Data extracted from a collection
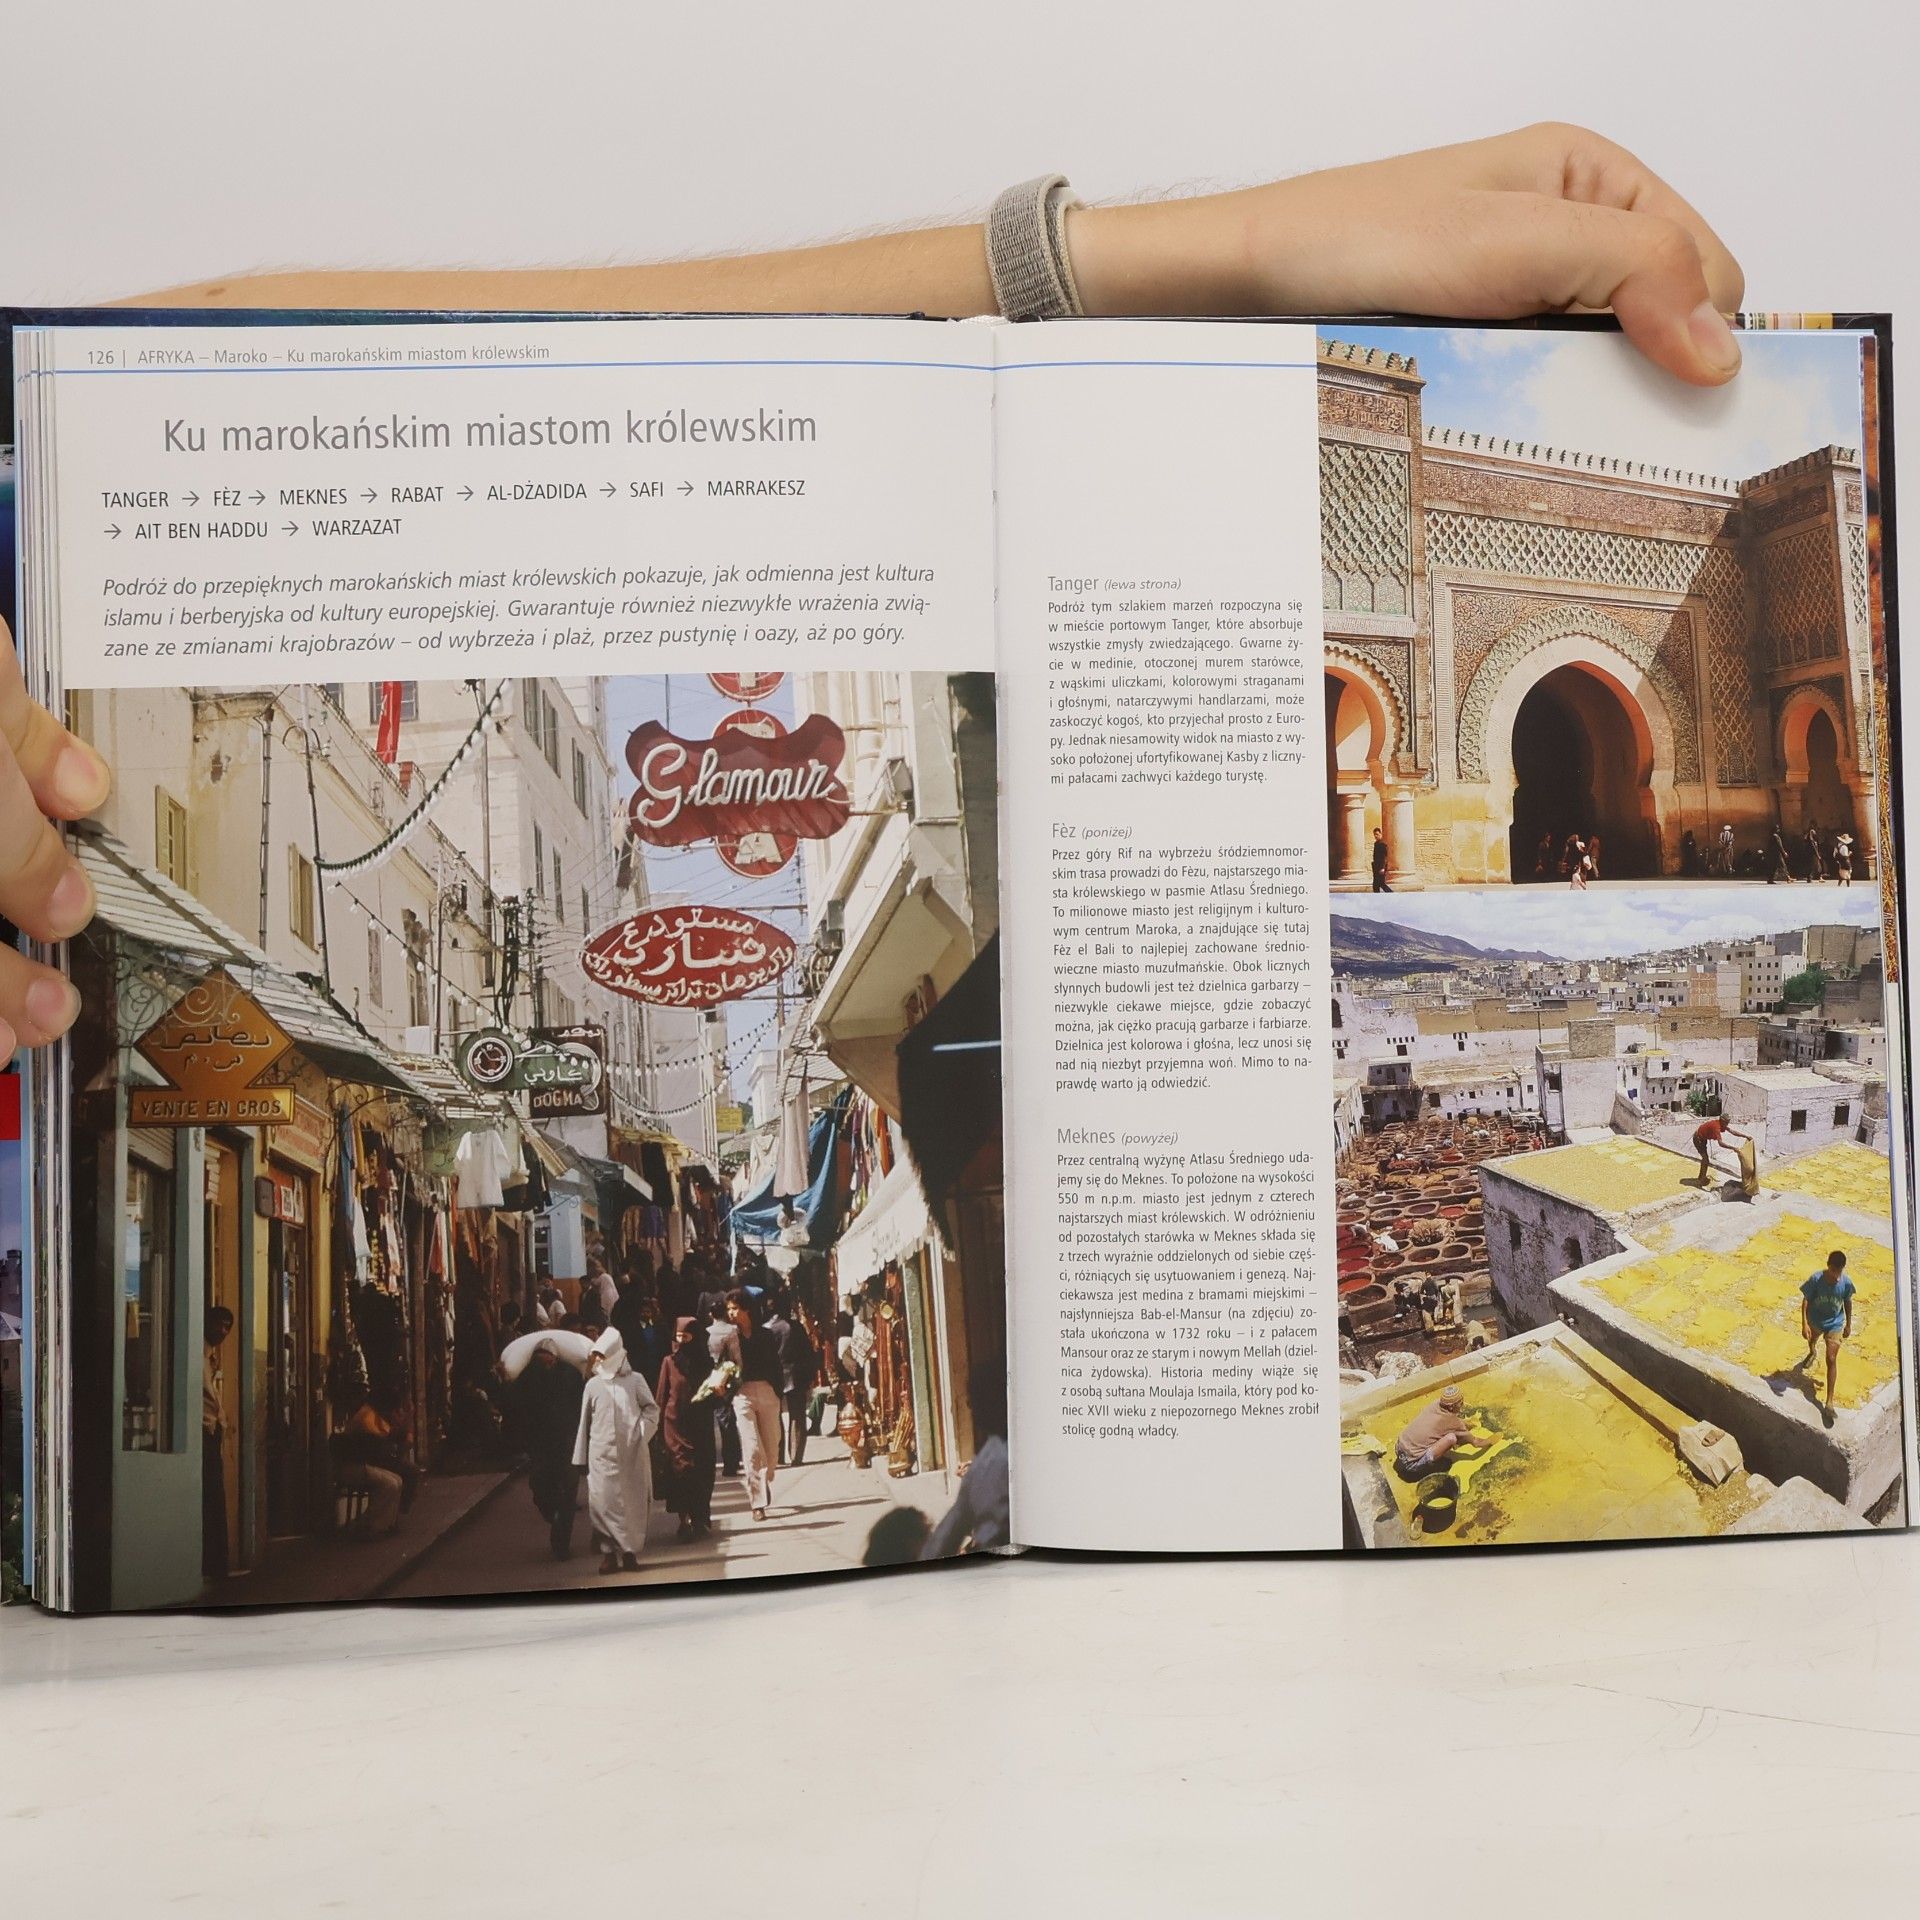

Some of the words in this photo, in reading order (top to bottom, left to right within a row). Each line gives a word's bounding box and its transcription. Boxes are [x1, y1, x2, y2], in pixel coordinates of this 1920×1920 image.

[88, 351, 114, 364] 126
[138, 350, 194, 364] AFRYKA
[215, 348, 267, 363] Maroko
[288, 349, 304, 362] Ku
[311, 347, 402, 362] marokańskim
[408, 348, 466, 360] miastom
[473, 345, 549, 359] królewskim
[165, 420, 205, 452] Ku
[223, 414, 449, 451] marokańskim
[467, 414, 609, 446] miastom
[627, 408, 815, 443] królewskim
[101, 492, 169, 508] TANGER
[214, 486, 241, 506] FÈZ
[280, 489, 347, 505] MEKNES
[392, 486, 444, 503] RABAT
[487, 480, 587, 500] AL-DŻADIDA
[630, 482, 663, 497] SAFI
[708, 480, 805, 496] MARRAKESZ
[135, 523, 162, 539] AIT
[169, 523, 200, 538] BEN
[208, 522, 267, 538] HADDU
[312, 519, 402, 536] WARZAZAT
[103, 578, 167, 596] Podróż
[174, 577, 196, 594] do
[203, 574, 322, 598] przepięknych
[329, 571, 451, 591] marokańskich
[459, 570, 506, 588] miast
[512, 567, 616, 586] królewskich
[622, 566, 706, 588] pokazuje,
[712, 565, 740, 586] jak
[746, 564, 833, 582] odmienna
[837, 564, 870, 585] jest
[876, 564, 934, 581] kultura
[1048, 576, 1099, 595] Tanger
[1105, 579, 1135, 591] (lewa
[1140, 578, 1181, 590] strona)
[104, 608, 162, 626] islamu
[169, 608, 175, 625] i
[180, 605, 283, 628] berberyjska
[291, 604, 314, 622] od
[320, 603, 383, 625] kultury
[389, 600, 498, 623] europejskiej.
[508, 597, 614, 619] Gwarantuje
[622, 595, 695, 614] również
[702, 594, 791, 616] niezwykłe
[799, 594, 878, 611] wrażenia
[885, 594, 930, 615] zwią-
[1049, 601, 1085, 613] Podróż
[1091, 602, 1111, 615] tym
[1119, 600, 1166, 611] szlakiem
[1173, 602, 1213, 611] marzeń
[1221, 602, 1280, 613] rozpoczyna
[1288, 599, 1302, 613] się
[1049, 624, 1058, 632] w
[1064, 620, 1104, 631] mieście
[1110, 620, 1166, 633] portowym
[1172, 619, 1210, 632] Tanger,
[1217, 618, 1244, 629] które
[1249, 618, 1302, 632] absorbuje
[104, 643, 148, 656] zane
[155, 643, 176, 655] ze
[183, 636, 273, 655] zmianami
[280, 633, 395, 656] krajobrazów
[419, 631, 442, 649] od
[449, 629, 534, 652] wybrzeża
[542, 628, 547, 645] i
[553, 627, 594, 650] plaż,
[603, 631, 653, 648] przez
[659, 625, 736, 647] pustynię
[744, 624, 748, 641] i
[755, 629, 798, 645] oazy,
[807, 623, 827, 640] aż
[833, 628, 856, 644] po
[863, 623, 904, 645] góry.
[1049, 638, 1101, 654] wszystkie
[1107, 638, 1143, 652] zmysły
[1150, 637, 1233, 651] zwiedzającego.
[1240, 637, 1282, 648] Gwarne
[1288, 640, 1303, 651] ży-
[1049, 681, 1054, 689] z
[1061, 676, 1105, 691] wąskimi
[1112, 675, 1165, 688] uliczkami,
[1173, 675, 1237, 689] kolorowymi
[1243, 676, 1303, 689] straganami
[636, 742, 838, 829] Glamour
[1051, 773, 1063, 784] mi
[1069, 772, 1117, 787] pałacami
[1122, 771, 1171, 785] zachwyci
[1176, 770, 1222, 784] każdego
[1226, 770, 1267, 784] turystę.
[1053, 823, 1076, 838] Fèz
[1082, 827, 1132, 840] (poniżej)
[1053, 849, 1080, 860] Przez
[1086, 848, 1111, 862] góry
[1118, 847, 1132, 859] Rif
[1139, 850, 1152, 858] na
[1159, 846, 1211, 861] wybrzeżu
[1218, 845, 1307, 857] śródziemnomor-
[1053, 906, 1064, 917] To
[1070, 905, 1127, 917] milionowe
[1133, 905, 1169, 916] miasto
[1174, 904, 1194, 918] jest
[1199, 903, 1253, 918] religijnym
[1266, 902, 1309, 914] kulturo-
[1055, 1001, 1108, 1015] niezwykle
[1117, 1000, 1161, 1012] ciekawe
[1171, 1000, 1214, 1014] miejsce,
[1224, 998, 1253, 1013] gdzie
[1262, 998, 1311, 1012] zobaczyć
[1056, 1077, 1097, 1092] prawdę
[1101, 1079, 1133, 1089] warto
[1137, 1080, 1147, 1092] ją
[1151, 1076, 1210, 1088] odwiedzić.
[533, 1089, 583, 1108] DOGMA
[141, 1100, 198, 1118] VENTE
[206, 1100, 230, 1117] EN
[236, 1099, 283, 1117] GROS
[1058, 1128, 1115, 1143] Meknes
[1122, 1132, 1178, 1146] (powyżej)
[1058, 1155, 1084, 1165] Przez
[1089, 1154, 1139, 1168] centralną
[1144, 1154, 1185, 1168] wyżynę
[1190, 1153, 1224, 1165] Atlasu
[1230, 1151, 1284, 1166] Średniego
[1289, 1151, 1313, 1163] uda-
[1058, 1193, 1078, 1204] 550
[1085, 1196, 1094, 1204] m
[1102, 1196, 1135, 1207] n.p.m.
[1143, 1192, 1179, 1204] miasto
[1186, 1192, 1205, 1207] jest
[1211, 1191, 1251, 1206] jednym
[1258, 1194, 1264, 1202] z
[1270, 1189, 1314, 1202] czterech
[1059, 1212, 1123, 1226] najstarszych
[1128, 1212, 1157, 1223] miast
[1162, 1210, 1229, 1223] królewskich.
[1234, 1211, 1245, 1222] W
[1250, 1210, 1314, 1221] odróżnieniu
[1063, 1423, 1095, 1438] stolicę
[1100, 1424, 1134, 1439] godną
[1138, 1424, 1178, 1439] władcy.
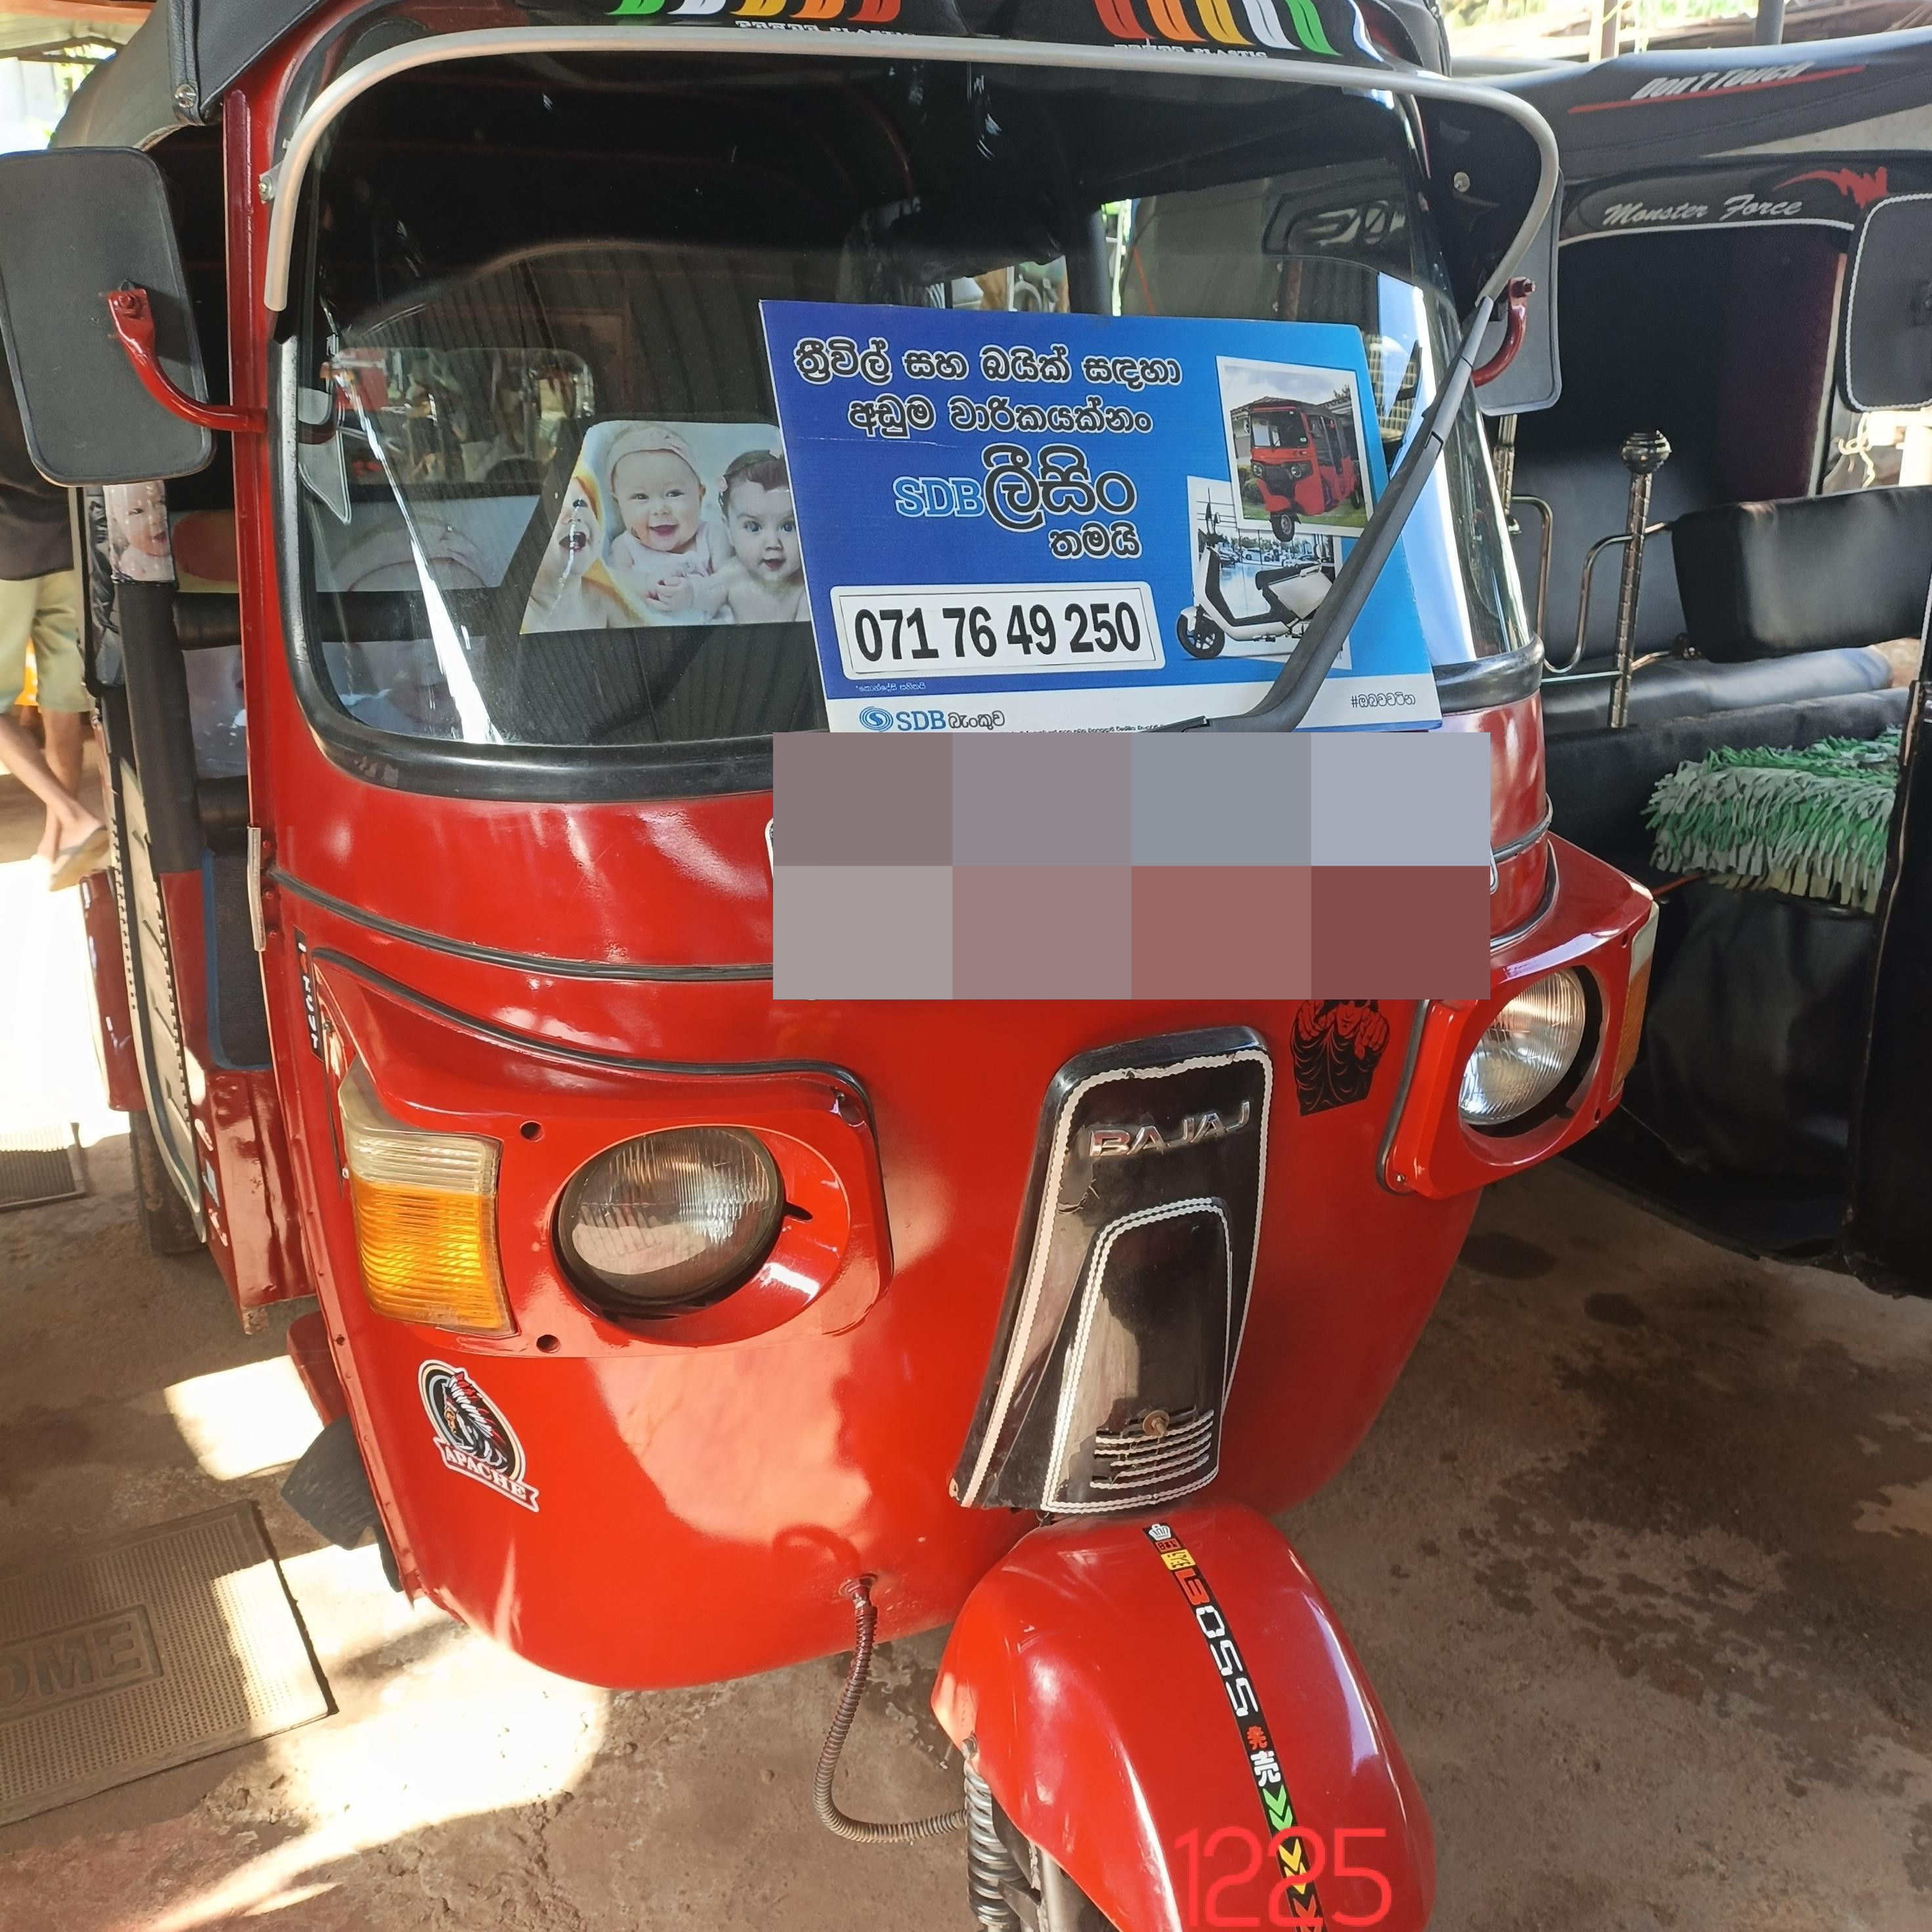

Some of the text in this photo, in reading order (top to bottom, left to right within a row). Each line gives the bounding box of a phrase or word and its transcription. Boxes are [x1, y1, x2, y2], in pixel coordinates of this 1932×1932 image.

[1602, 194, 1803, 226] Monster Force
[902, 350, 969, 380] සහ
[1082, 355, 1183, 392] සඳහා
[848, 393, 1154, 439] අඩුම වාරිකයක්නං
[1048, 520, 1143, 558] තමයි
[854, 601, 1141, 662] 071 76 49 250
[896, 710, 946, 731] SDB
[1089, 1101, 1250, 1157] BAJAJ
[444, 1446, 527, 1501] APACHE

## Exercise prompt
Output, exactly and with no other text, the line that contains "Some of the text" and all lines from there to the end of the records.

## Output of the exercise
Some of the text in this photo, in reading order (top to bottom, left to right within a row). Each line gives the bounding box of a phrase or word and its transcription. Boxes are [x1, y1, x2, y2], in pixel coordinates of this 1932×1932 image.

[1602, 194, 1803, 226] Monster Force
[902, 350, 969, 380] සහ
[1082, 355, 1183, 392] සඳහා
[848, 393, 1154, 439] අඩුම වාරිකයක්නං
[1048, 520, 1143, 558] තමයි
[854, 601, 1141, 662] 071 76 49 250
[896, 710, 946, 731] SDB
[1089, 1101, 1250, 1157] BAJAJ
[444, 1446, 527, 1501] APACHE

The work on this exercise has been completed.